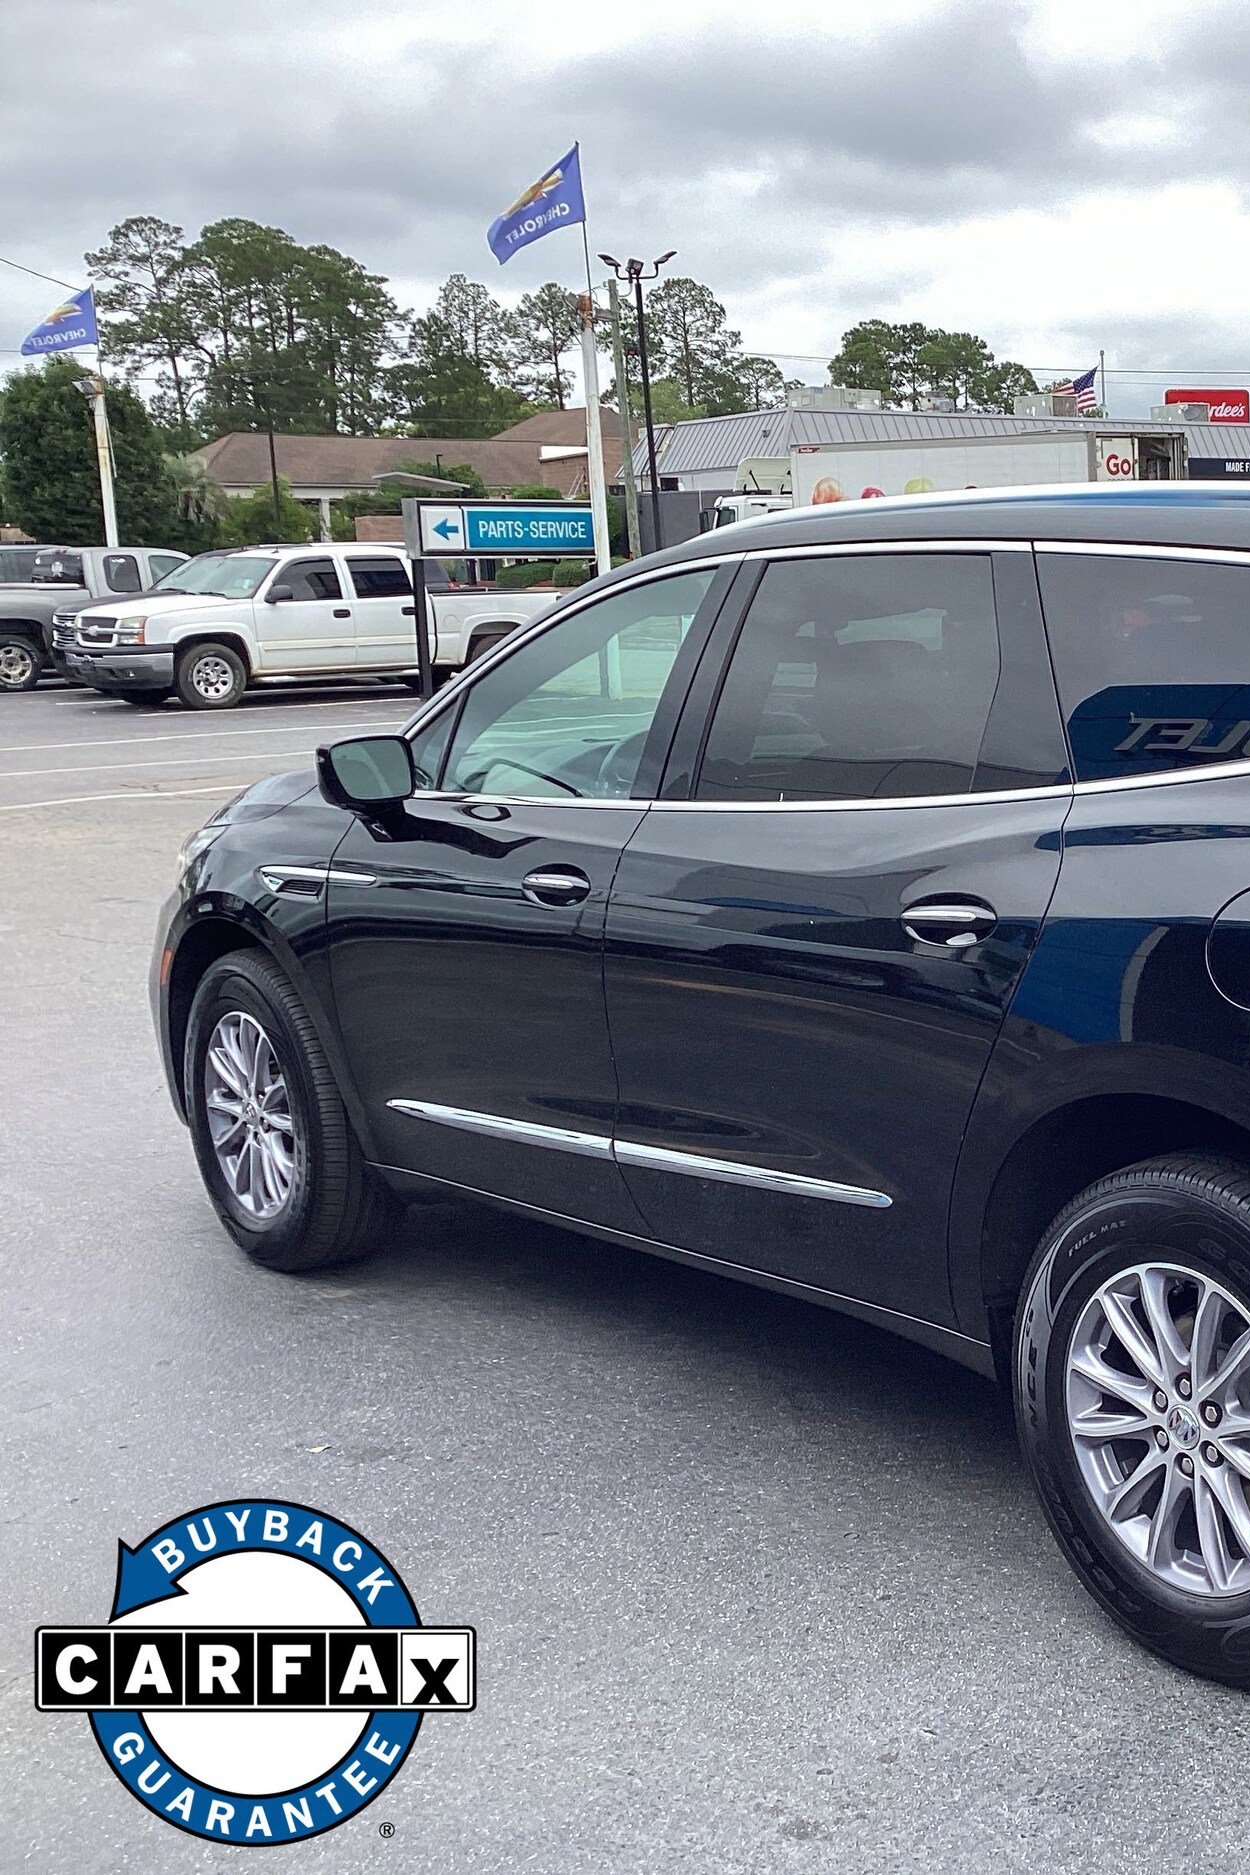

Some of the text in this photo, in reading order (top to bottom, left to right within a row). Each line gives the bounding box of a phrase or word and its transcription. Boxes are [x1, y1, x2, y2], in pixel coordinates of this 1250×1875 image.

[1209, 402, 1246, 418] rdee's
[1106, 454, 1138, 476] Go
[1225, 461, 1244, 472] MADE
[478, 520, 587, 538] PARTS-SERVICE
[1068, 1220, 1128, 1258] FUEL MAX
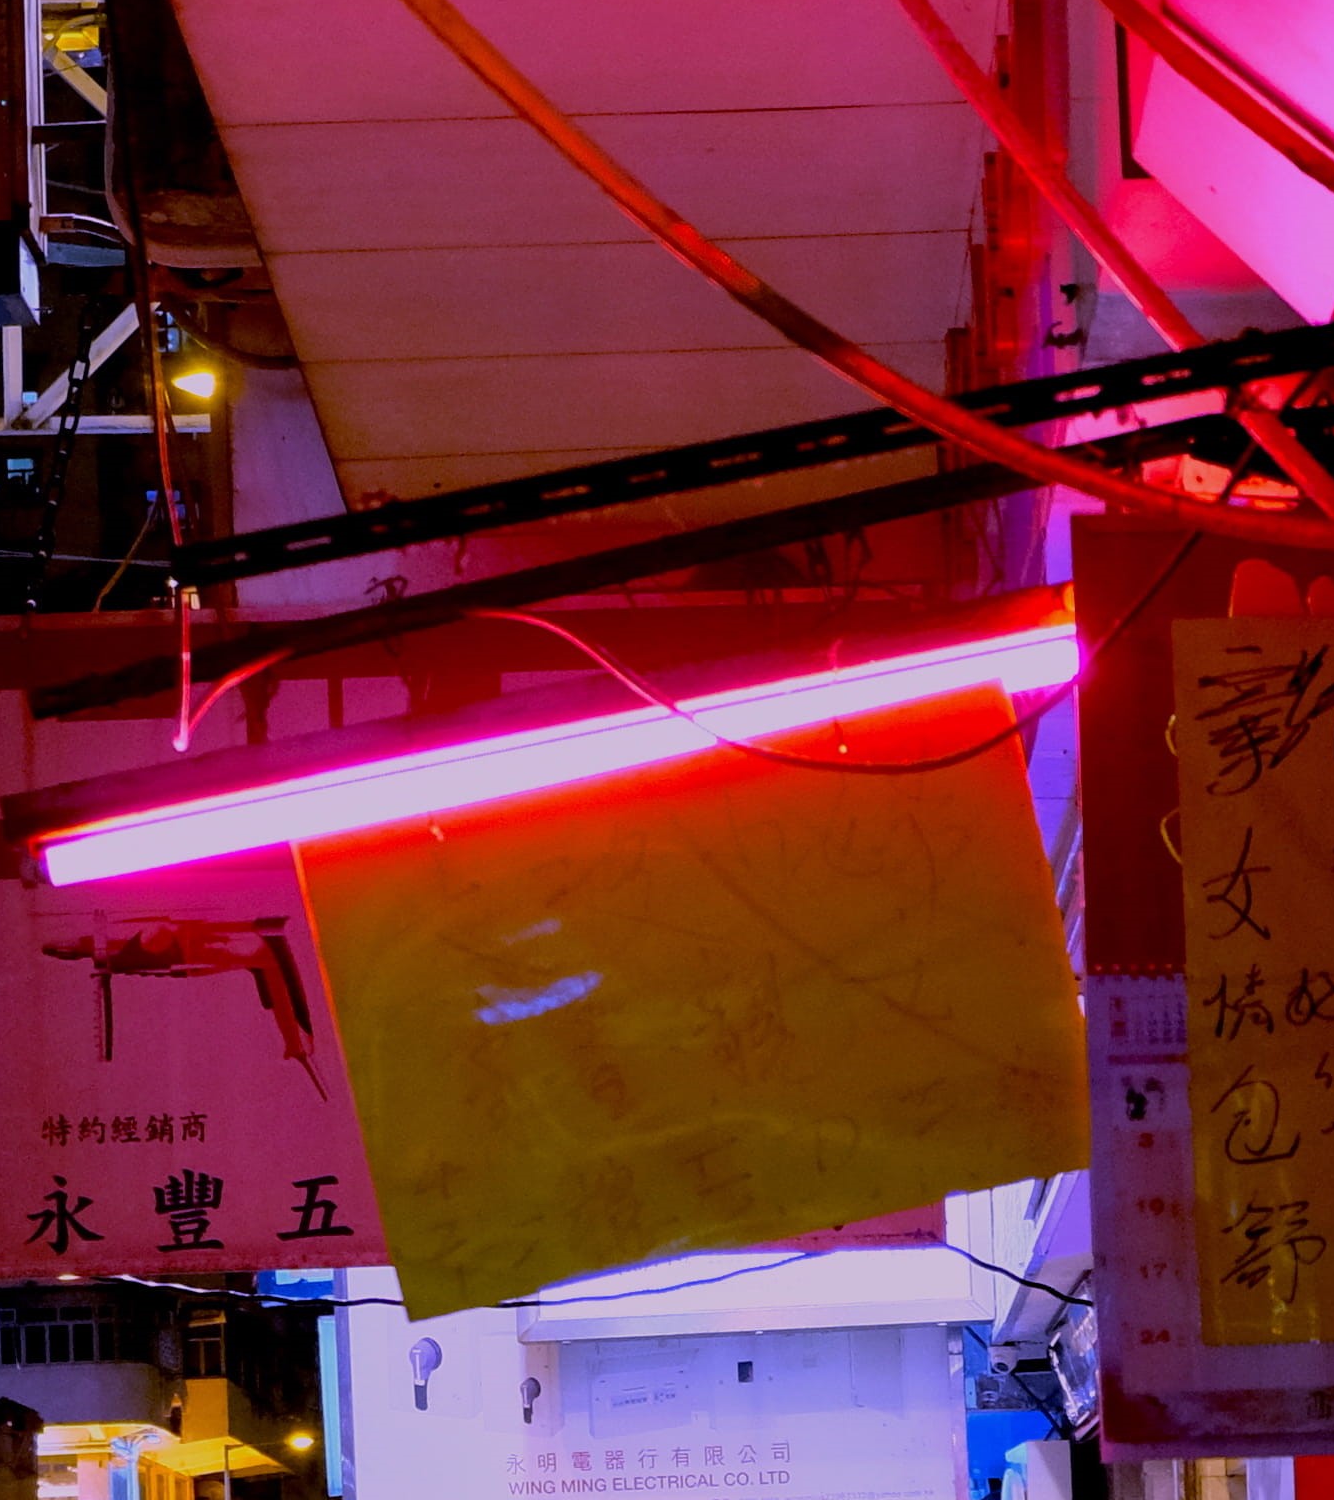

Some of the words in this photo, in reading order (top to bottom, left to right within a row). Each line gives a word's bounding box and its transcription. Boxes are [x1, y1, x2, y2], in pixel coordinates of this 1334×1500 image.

[41, 1111, 208, 1147] 特約經銷商
[506, 1441, 791, 1475] 永明電器行有限公司
[508, 1480, 556, 1496] WING
[561, 1478, 607, 1494] MING
[612, 1474, 718, 1491] ELECTRICAL
[723, 1471, 755, 1488] CO.
[758, 1470, 791, 1486] LTD
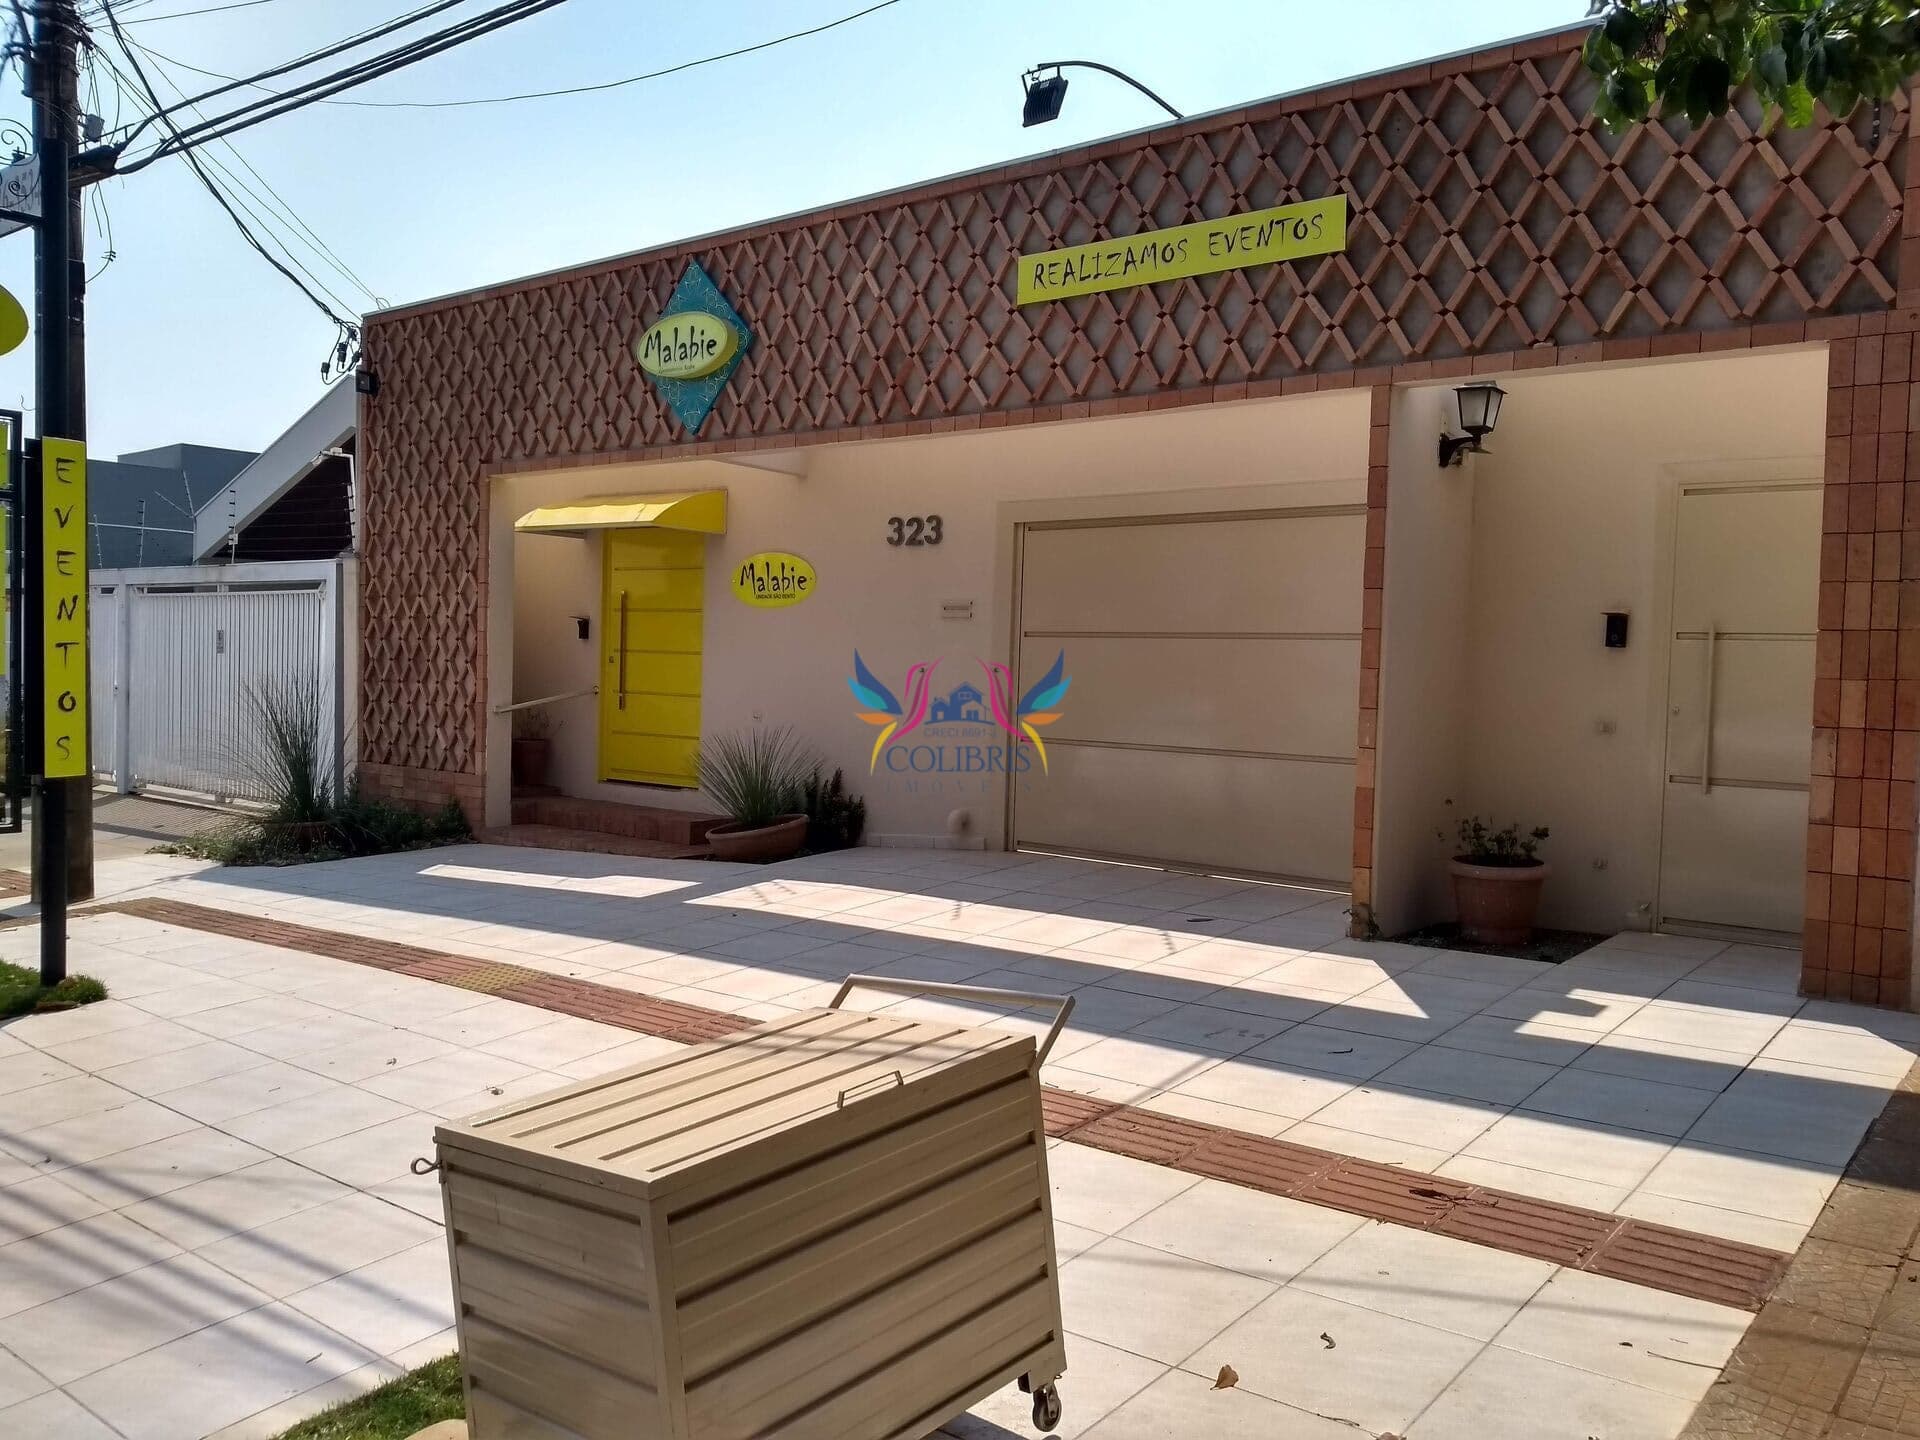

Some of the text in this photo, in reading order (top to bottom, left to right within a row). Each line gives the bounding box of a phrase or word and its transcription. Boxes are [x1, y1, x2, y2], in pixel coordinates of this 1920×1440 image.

[1033, 213, 1323, 289] REALIZAMOS EVENTOS
[643, 325, 718, 368] Malabie
[886, 515, 944, 546] 323
[740, 561, 808, 595] Malabie
[54, 456, 79, 761] EVENTOS
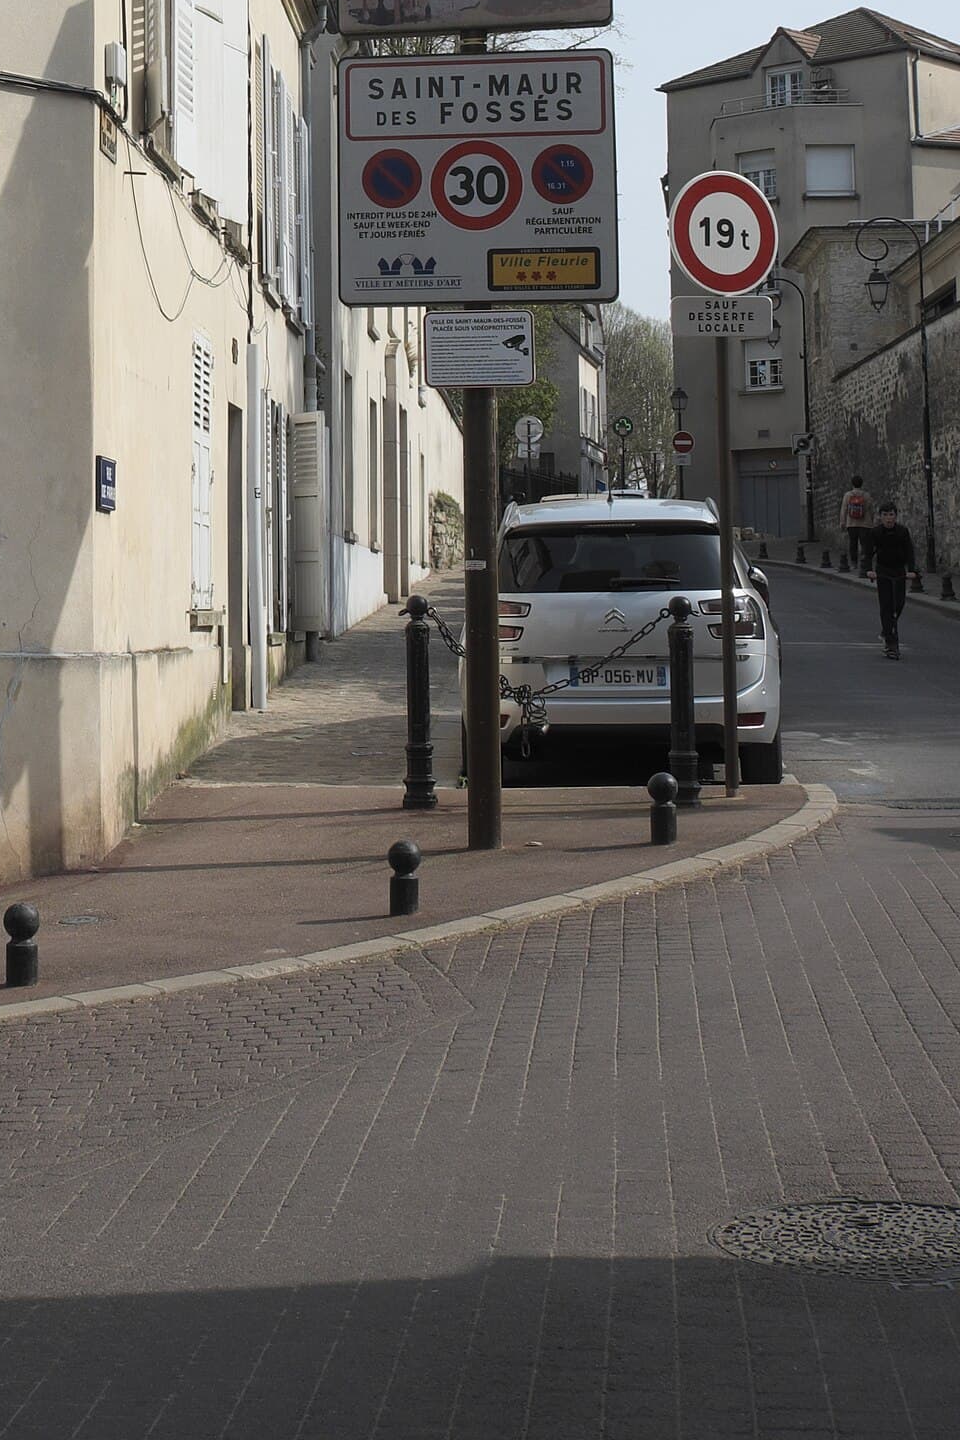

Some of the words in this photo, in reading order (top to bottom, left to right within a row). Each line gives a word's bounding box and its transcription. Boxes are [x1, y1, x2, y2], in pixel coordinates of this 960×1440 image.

■ ■ ■ ■ ■

Output every entry exactly as given; pictures are not part of the copy.

Some of the text in this photo, in reading order (top to bottom, left to right within a row). Each line gives the bounding box of a phrase or word and its transcription. Boxes are [x1, y1, x2, y2], in pixel coordinates of this 1250×1875 image.

[1209, 402, 1246, 418] rdee's
[1106, 454, 1138, 476] Go
[1225, 461, 1244, 472] MADE
[478, 520, 587, 538] PARTS-SERVICE
[1068, 1220, 1128, 1258] FUEL MAX

Some of the words in this photo, in reading order (top to bottom, left to right within a row). Each line gives a word's bounding box and its transcription. Boxes are [x1, y1, x2, y2], in pixel coordinates of this 1334×1500 image.

[41, 1111, 208, 1147] 特約經銷商
[506, 1441, 791, 1475] 永明電器行有限公司
[508, 1480, 556, 1496] WING
[561, 1478, 607, 1494] MING
[612, 1474, 718, 1491] ELECTRICAL
[723, 1471, 755, 1488] CO.
[758, 1470, 791, 1486] LTD

Some of the text in this photo, in reading order (top to bottom, left to right within a row). Each line gives the bounding box of a phrase or word and its transcription. Boxes are [x1, y1, x2, y2], in pixel coordinates of this 1920×1440 image.

[1033, 213, 1323, 289] REALIZAMOS EVENTOS
[643, 325, 718, 368] Malabie
[886, 515, 944, 546] 323
[740, 561, 808, 595] Malabie
[54, 456, 79, 761] EVENTOS

Some of the words in this photo, in reading order (top to bottom, left to right within a row). Each line gives a word's bounding box and its transcription. Boxes are [x1, y1, x2, y2], in pixel coordinates of this 960×1440 image.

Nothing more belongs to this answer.